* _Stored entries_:
··········

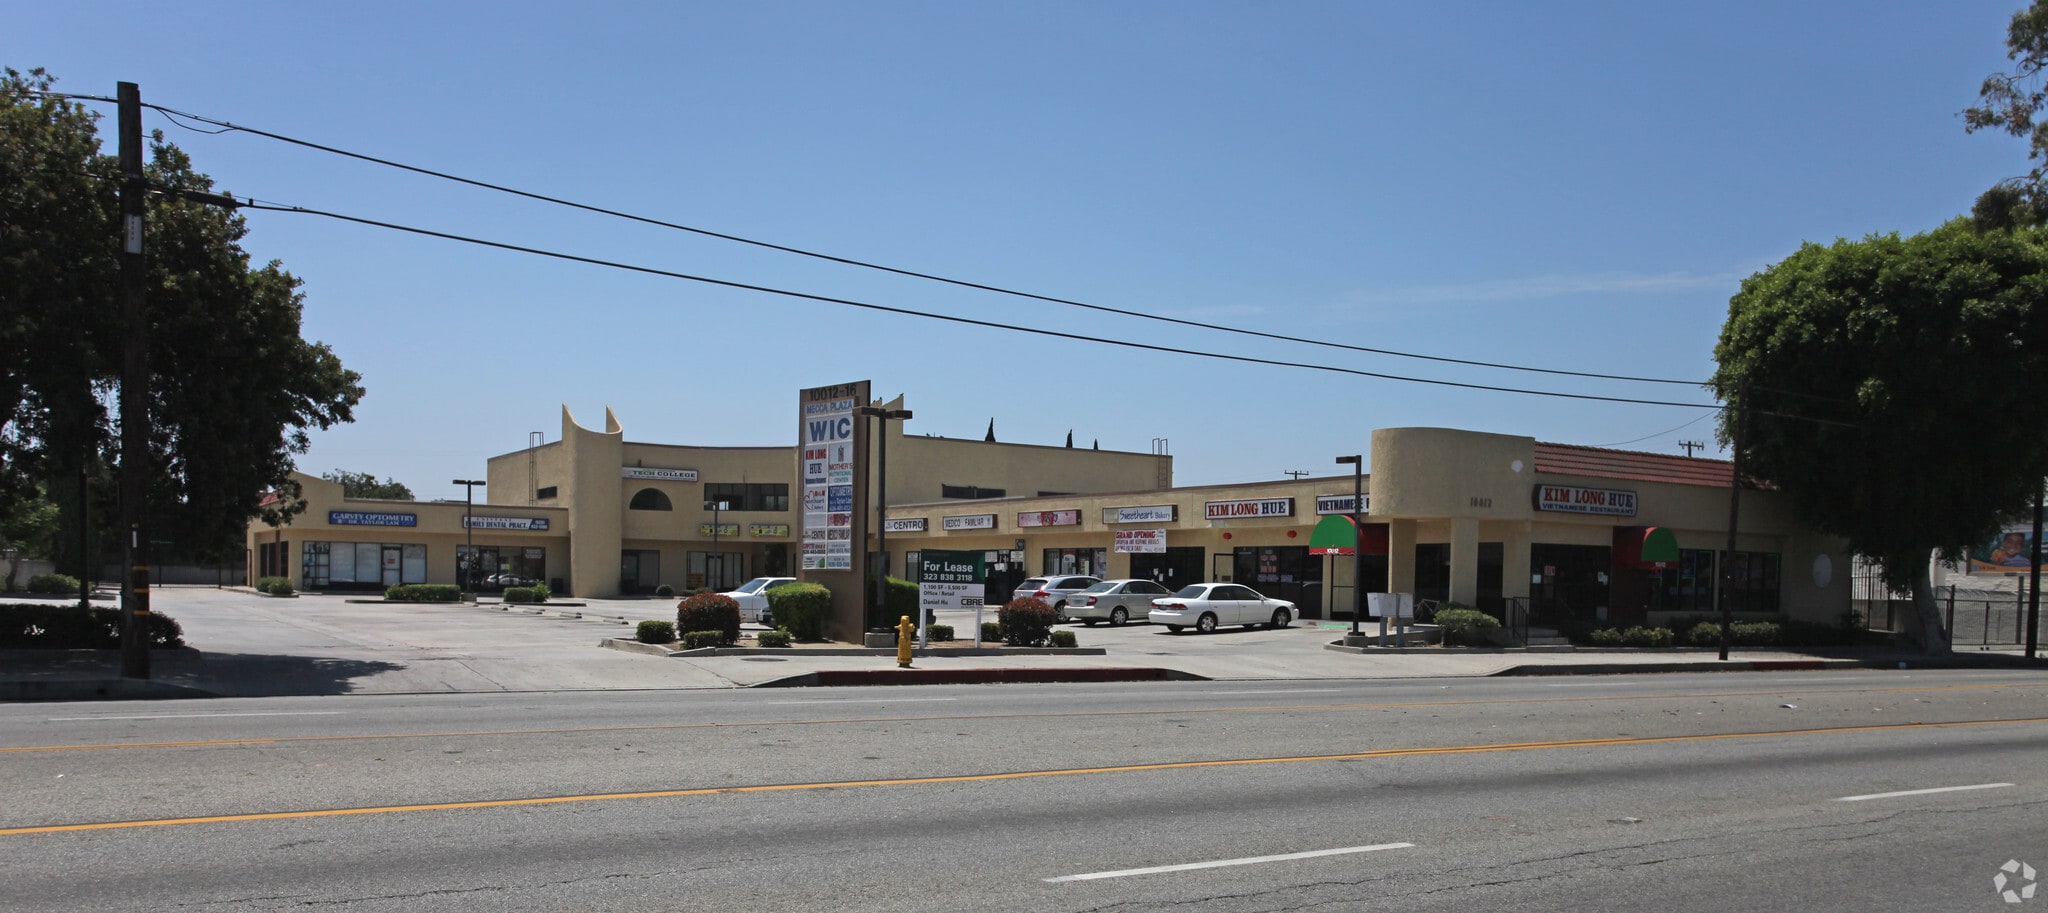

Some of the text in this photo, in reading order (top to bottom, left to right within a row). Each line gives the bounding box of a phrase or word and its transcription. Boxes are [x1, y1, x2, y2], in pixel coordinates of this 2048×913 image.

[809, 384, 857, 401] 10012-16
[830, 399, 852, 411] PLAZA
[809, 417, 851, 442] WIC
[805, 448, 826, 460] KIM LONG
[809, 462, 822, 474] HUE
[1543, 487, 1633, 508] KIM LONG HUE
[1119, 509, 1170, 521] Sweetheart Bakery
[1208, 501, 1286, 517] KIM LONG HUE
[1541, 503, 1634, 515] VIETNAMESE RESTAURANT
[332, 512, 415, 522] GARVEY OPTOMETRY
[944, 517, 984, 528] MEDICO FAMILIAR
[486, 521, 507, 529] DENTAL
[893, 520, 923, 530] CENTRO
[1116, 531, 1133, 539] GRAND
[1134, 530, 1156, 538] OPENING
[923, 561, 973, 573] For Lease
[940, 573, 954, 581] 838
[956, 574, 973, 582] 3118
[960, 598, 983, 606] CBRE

··········

* _What the task requires_: Repeat the data above exactly; images are not part of the copy.

* _Your response_:
Some of the text in this photo, in reading order (top to bottom, left to right within a row). Each line gives the bounding box of a phrase or word and its transcription. Boxes are [x1, y1, x2, y2], in pixel coordinates of this 2048×913 image.

[809, 384, 857, 401] 10012-16
[830, 399, 852, 411] PLAZA
[809, 417, 851, 442] WIC
[805, 448, 826, 460] KIM LONG
[809, 462, 822, 474] HUE
[1543, 487, 1633, 508] KIM LONG HUE
[1119, 509, 1170, 521] Sweetheart Bakery
[1208, 501, 1286, 517] KIM LONG HUE
[1541, 503, 1634, 515] VIETNAMESE RESTAURANT
[332, 512, 415, 522] GARVEY OPTOMETRY
[944, 517, 984, 528] MEDICO FAMILIAR
[486, 521, 507, 529] DENTAL
[893, 520, 923, 530] CENTRO
[1116, 531, 1133, 539] GRAND
[1134, 530, 1156, 538] OPENING
[923, 561, 973, 573] For Lease
[940, 573, 954, 581] 838
[956, 574, 973, 582] 3118
[960, 598, 983, 606] CBRE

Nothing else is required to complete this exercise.